It was hard not to be impressed even at check-in, where multiple staff members greeted me with “happy birthday Mr Fraser”. The greetings from the check-in staff, and affable sales director who came to meet me were classy and brief, and the car-to-room experience was done with graceful, clock-work precision.
As a company that coordinates precise check-in details for hundreds of guests at hotels around the region each year, I paid careful attention to the welcome procedures from the viewpoint of an overseas guest. It was quite flawless and soon I was effortlessly lured into my classy river wing cocoon.
The room itself was beautiful, of course, and was full of subtle surprises that you’d notice throughout the afternoon: a piece of birthday cake on fine China, a welcome gift with a handwritten card from the housekeeping staff, another welcome card handwritten at the writing desk from the sales director, a tray of fruit in one corner, then a platter of local delicacies waiting to be discovered on one of the tables near the window. Everything wrapped in ribbons, placed delicately on fine cloth and paper, presented with intention. It was personal and warm.
Next: the fitness room experience. To be sure to avoid a lobby faux paux, I called front desk to make sure I could go there dressed in fitness attire, and proceeded across the river on the Oriental boat to the spa and fitness center. The gym is world class, as you’d expect, and the staff knowledgeable and attentive, as you’d expect. I have heard that staff spend nearly 100 hours each year on supplementary service training, resulting in a well-oiled machine of courtesy and sophistication.

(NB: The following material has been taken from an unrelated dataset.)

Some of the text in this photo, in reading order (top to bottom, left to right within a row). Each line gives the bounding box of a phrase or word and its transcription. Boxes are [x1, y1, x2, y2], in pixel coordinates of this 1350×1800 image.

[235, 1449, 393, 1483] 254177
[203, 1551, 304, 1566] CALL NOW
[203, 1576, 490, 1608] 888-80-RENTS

Plus, I like being offered “non-chilled” water for a change.
The Oriental is a luxury resort nestled on the riverbanks in the city. There are a hundred things to do, such as grass-court tennis, squash, aerobics, yoga, or indulge in the Ayurvedic therapies at the award-winning spa, or my personal favourite, chatting with Khun Angkhana, the reading room coordinator who has now been at the hotel for over 62 years. Make time to sit and chat, there are 7 decades of great stories to be shared. In addition, the Author’s Lounge itself is a stately room that deserves at the very least a cup of tea and a short wander, or more if your schedule allows. It is a refreshing atrium that would be at home in many of the finest mansions in Europe. It is part of the Oriental’s history and nostalgia, and provides the entrance to the grand author’s suites.
Next: poolside for a club sandwich. It is nice to see a hotel pool that you could actually drown in these days. One designed before modern safety paranoia turned them into very long kiddie pools. I did some laps, plunged down deep, and had it almost all to myself except a napping couple in one of the salas around the poolside garden. The servers at poolside did all the things you’d expect at the luxury level, being present but discreet, helpful but not imposing. I had three non-chilled waters and a good club sandwich.
Another memorable – and almost unnoticeable – feature is the invisible team of elves that provide regular upkeep and services to your room while you’re out. It makes sense that Mandarin Oriental has a long guest list of luminaries from famous CEOs to heads of state. It is a hotel that thinks for an extra moment, and goes the extra yard. I recall once that they asked one of their security guards to walk a few blocks down a nearby street to confirm the name and spelling of a jewelery shop that a guest of ours had inquired about – after they’d checked out. Instead of just returning with the basic facts, he also produced the private numbers of the owners just in case we needed them. This is proactive treatment not always found at the service level.
Beyond glowing accolades stating the obvious, such as outstanding rooms, famous restaurants, antique furnishings, a staff-to-guest ratio of 3:1, etc, it always comes down to the little things, the quirky fine touches, that make the difference. The elevator attendant who knows your floor number on the same morning you’ve arrived, the bartender who greets you by name before you order a drink, and the long-time staff, some of whom have been there for more years than I’ve been alive. I am a low maintenance traveler but carry the high expectations of our valued guests, and I began to like the sensation that a well-trained circle was eagerly anticipating my every move.
There are dozens of luxury hotels in the region fulfilling a variety of styles, neo-classical, modern minimalist, boutique Thai, grand and international, chic, etc. And, depending on the customer it might be argued that there may be a finer hotel to be found somewhere, but the Mandarin Oriental Bangkok is surely a finer overall experience.
Located!
by Scott Coates
Trekking is one of the classic activities in Nepal, something I’ve been lucky enough to do six times since Smiling Albino launched adventures there in October 2006.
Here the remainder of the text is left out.